Senevî haşrin meydanı olan bahar mevsimi İsrâfil-vâri meleklerin nefh-i sûr-u ile hayatlanır. Ölü kalpler de hayattan nasibini İsrafil’in (a.s.) ilimden olan canlılık nefesi ve diriliş sözleriyle alır.
İnsanlar ölürler
Efendimizin (s.a.v) İbn Abbas’tan (r.a.) rivayet olan bir duasının sonu: Lâ ilâhe illa ente’l hayyu’llezî lâ yemût ve’l-cinnü ve’l-insü yemûtûn.

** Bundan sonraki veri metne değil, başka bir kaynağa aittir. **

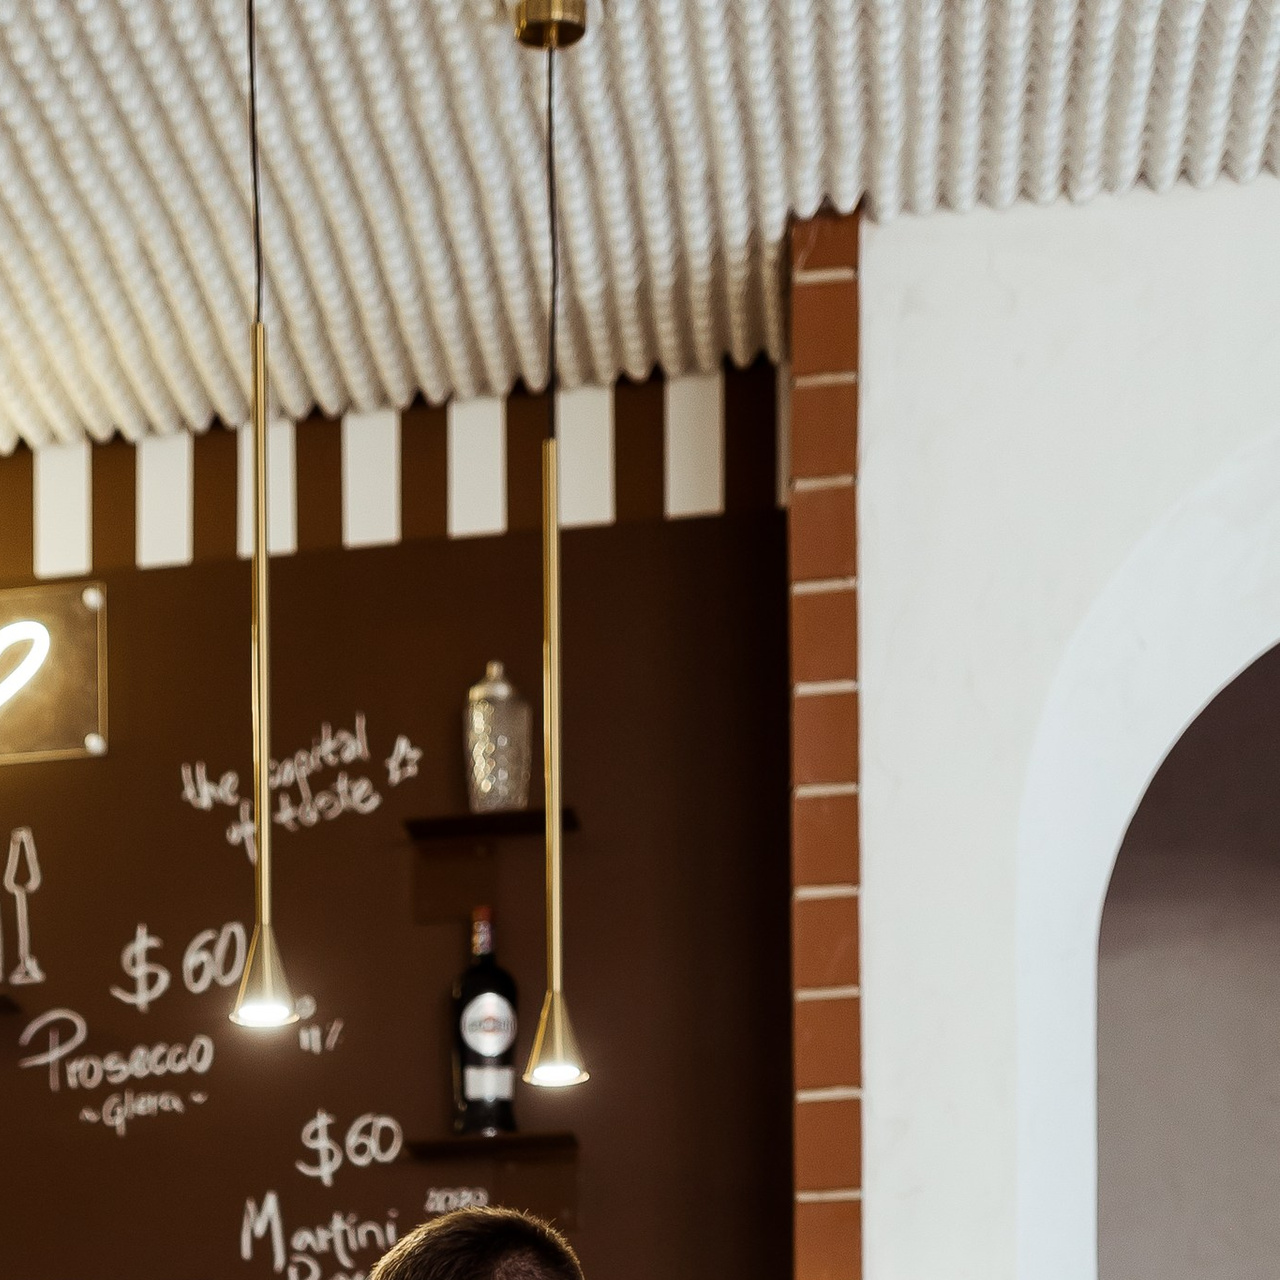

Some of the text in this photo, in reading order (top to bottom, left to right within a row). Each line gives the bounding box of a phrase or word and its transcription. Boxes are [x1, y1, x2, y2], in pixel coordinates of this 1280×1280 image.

Furkan suresinde (25/58) “Ölmeyen diriye tevekkül et” emr-i ilahisine muhatap olup sevdiklerinin ölümüyle gurbette kalan herkes adına: “Allah’ım! Sana teslim oldum, Sana iman ettim, Sana güvendim, Sana yöneldim, halimi Sana arz ettim. Senin izzetine sığınıyorum. Senden başka ilâh yoktur. Sen ölmeyen dirisin. Cin ve insanlar ölürler. (Nesâî, Nuût, 14, IV,399)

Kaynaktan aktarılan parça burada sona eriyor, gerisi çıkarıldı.